Our films have traveled throughout the U.S. and beyond. A couple of examples:

We recently sent films to a Presbyterian church in Texas. A small group will screen them to decide the ones they want to show; they will then pay the distributer the fee for a large audience who will attend their 4th annual film festival. Here’s what they wrote:

This will be our 4th Annual Film Festival and we’ve found that in addition to providing some info to our typical Caucasian neighbors, the film festivals provide an important way for Palestinians in our area to meet and reconnect. We usually show 3 films over 2 days, with Skype, discussions and a free soup supper that is a wonder to behold. We serve 10 – 15 different soups…

In 2015, ten films went to Istanbul with Gabe and Theresa, volunteers who worked at Ad.Dar – “Home” – for those who had fled their homes in Syria. They wrote:

Ad.Dar is an unpretentious five rooms on the fourth floor of an old building housing various humanitarian organizations in the central part of the city. Begun by Syrians (and Palestinians whose families have been in Syria since 1948 or the 1963 expulsions), Ad.Dar offers a place for children, older teens and those in their early 20s to find community.  Film on Friday nights has been part of this; together we viewed and discussed The Gatekeepers, Where Should the Birds Fly?, 5 Broken Cameras, and several others.

We hope that you are intrigued and interested in seeing what the Israel/Palestine film library has to offer. In addition, we’ve organized the films by category (pdf) to make choosing the right film for your group an easier process.


  • Watch the trailer before ordering a film.
  • Consider your audience: These films can depict graphic violence and despair. However, the inspiring resilience and determination of the Palestinian people is also almost always present.
  • Except for the films from the Gaza Media Center and “Some of my Best Friends are Zionists”, these films are licensed for private home viewing. If you’d like to show them in a larger venue, you must contact the distributor of the film. But you can certainly invite friends to your home!
  • Unfortunately, we are unable to mail films outside of the U.S.
  • Before you show the film, play it on your DVD player first to ensure that it isn’t defective. For unfathomable reasons, sometimes a DVD will get tired and quit.
  • Google the films to read reviews, which, of course, are often contradictory; the contradictions can provide good prompts for discussion.
  • We ask that you mail the film back within a month, unless we have made another arrangement. If you keep the envelope the film arrives in, you can just put on the SAME amount of postage on it and pop it in a mailbox since it is under the 13 -ounce limit.
  • If you lose or damage the film, you are responsible for replacing it. Most of our films cost between $25 and $35.
  • Although not required, we would love to know reactions to the film; this will help us guide others.
  • Kindly note that the opinions shared above do not reflect those of Jewish Voice for Peace or Jewish Voice for Peace Boston; they are the opinions of those who built the film library.
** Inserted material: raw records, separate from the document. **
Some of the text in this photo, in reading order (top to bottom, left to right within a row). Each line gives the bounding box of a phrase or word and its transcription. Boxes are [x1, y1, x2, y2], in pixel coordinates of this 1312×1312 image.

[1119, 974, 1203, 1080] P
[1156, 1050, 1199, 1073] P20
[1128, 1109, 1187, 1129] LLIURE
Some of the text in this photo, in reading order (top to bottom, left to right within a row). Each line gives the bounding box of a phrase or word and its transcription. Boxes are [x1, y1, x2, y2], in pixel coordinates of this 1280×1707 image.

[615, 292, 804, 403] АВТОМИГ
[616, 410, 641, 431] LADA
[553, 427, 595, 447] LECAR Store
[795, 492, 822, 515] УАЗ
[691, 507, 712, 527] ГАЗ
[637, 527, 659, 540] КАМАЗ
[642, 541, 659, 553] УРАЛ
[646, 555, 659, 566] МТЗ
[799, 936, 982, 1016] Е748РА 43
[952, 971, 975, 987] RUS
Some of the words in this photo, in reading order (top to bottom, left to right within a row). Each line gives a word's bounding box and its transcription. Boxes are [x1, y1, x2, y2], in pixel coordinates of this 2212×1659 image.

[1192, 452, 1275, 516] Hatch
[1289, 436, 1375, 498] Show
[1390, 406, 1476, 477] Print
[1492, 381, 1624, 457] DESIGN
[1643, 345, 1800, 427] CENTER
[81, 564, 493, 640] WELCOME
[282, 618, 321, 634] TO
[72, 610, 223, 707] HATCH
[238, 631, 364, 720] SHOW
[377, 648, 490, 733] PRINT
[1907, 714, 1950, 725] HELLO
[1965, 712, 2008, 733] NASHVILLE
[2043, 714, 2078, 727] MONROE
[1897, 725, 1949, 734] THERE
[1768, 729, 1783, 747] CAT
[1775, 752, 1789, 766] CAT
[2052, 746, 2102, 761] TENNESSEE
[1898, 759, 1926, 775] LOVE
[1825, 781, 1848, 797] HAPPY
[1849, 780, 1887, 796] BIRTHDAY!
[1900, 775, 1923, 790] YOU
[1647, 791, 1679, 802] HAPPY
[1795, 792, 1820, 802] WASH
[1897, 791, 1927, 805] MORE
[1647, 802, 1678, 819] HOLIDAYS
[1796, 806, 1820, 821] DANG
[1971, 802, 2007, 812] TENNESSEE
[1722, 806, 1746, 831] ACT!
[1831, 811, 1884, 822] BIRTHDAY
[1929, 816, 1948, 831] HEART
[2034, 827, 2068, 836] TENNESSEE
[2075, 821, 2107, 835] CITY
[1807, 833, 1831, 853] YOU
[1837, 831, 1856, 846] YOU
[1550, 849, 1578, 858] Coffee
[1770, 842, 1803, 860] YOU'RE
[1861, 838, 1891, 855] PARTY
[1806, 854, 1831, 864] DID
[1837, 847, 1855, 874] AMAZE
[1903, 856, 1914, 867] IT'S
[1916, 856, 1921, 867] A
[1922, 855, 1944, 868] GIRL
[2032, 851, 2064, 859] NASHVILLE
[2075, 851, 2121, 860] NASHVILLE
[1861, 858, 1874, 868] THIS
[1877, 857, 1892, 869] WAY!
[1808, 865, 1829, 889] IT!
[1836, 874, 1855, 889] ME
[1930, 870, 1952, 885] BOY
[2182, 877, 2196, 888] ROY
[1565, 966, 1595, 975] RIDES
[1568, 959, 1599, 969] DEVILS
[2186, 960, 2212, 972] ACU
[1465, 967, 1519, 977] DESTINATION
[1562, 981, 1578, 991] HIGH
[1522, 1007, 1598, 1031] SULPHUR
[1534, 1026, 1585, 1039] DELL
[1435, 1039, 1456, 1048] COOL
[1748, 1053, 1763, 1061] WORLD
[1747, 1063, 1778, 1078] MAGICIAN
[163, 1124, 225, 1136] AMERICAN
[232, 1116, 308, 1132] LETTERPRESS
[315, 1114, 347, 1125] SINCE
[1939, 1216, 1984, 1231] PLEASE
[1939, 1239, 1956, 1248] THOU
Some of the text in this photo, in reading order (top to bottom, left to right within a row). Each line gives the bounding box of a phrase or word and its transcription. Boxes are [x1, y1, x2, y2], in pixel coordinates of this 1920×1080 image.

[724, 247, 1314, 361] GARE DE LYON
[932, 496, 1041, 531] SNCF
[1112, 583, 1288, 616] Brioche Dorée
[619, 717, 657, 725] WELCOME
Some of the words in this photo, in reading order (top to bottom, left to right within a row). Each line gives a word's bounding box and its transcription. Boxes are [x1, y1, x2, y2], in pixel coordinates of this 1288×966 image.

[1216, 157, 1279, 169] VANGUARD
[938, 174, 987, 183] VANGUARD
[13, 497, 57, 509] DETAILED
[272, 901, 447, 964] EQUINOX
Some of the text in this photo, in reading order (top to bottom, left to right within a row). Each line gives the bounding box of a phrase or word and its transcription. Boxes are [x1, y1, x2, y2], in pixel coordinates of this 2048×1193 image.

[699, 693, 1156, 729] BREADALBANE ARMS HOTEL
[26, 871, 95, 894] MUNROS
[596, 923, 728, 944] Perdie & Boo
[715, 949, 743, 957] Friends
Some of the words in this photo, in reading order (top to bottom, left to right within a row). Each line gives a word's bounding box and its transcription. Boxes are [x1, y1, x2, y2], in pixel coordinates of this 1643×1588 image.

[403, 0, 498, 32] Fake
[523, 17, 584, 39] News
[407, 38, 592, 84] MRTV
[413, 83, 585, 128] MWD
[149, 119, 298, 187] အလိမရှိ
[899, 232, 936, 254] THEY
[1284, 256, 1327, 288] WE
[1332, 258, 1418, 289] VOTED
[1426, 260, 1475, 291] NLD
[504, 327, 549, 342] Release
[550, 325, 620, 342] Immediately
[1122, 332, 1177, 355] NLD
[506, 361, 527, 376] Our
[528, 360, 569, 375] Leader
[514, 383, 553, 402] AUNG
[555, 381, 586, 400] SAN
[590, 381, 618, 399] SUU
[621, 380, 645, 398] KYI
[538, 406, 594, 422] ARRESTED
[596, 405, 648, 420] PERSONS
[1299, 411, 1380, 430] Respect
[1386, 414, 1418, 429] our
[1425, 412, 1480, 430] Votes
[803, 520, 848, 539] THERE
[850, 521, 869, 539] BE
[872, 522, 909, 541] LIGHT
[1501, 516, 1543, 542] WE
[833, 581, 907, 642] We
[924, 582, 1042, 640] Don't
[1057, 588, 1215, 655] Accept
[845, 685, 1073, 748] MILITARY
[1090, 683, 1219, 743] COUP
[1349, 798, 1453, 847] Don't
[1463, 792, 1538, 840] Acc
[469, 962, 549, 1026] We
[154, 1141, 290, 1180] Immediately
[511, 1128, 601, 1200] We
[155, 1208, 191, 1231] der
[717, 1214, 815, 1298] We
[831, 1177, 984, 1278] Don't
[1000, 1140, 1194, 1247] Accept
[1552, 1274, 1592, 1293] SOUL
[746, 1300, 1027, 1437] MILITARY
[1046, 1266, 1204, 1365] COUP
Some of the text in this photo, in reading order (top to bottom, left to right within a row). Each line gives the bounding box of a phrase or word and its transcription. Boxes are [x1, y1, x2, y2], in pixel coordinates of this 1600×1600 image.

We would be glad to talk with you about the films! Email us at jvpboston@gmail.com and we’ll arrange a time to talk.

For Jewish Voice for Peace Boston,

Pam Rogers and Diana Digges

PS: If you have film suggestions, or if you want to donate a film, let us know! Contact us at jvpboston@gmail.com If it would be helpful, we’d also be glad to set up a time to talk on the phone.


Full list of Israel/Palestine Films

Key to asterisks:
* Made by Palestinians.
** Treats both sides as equals and does not show power imbalance.


1913: Seeds of Conflict

1 hour 2015

Examines a critical yet overlooked moment of transformation in Palestine, long before the Balfour Declaration and British Mandate period.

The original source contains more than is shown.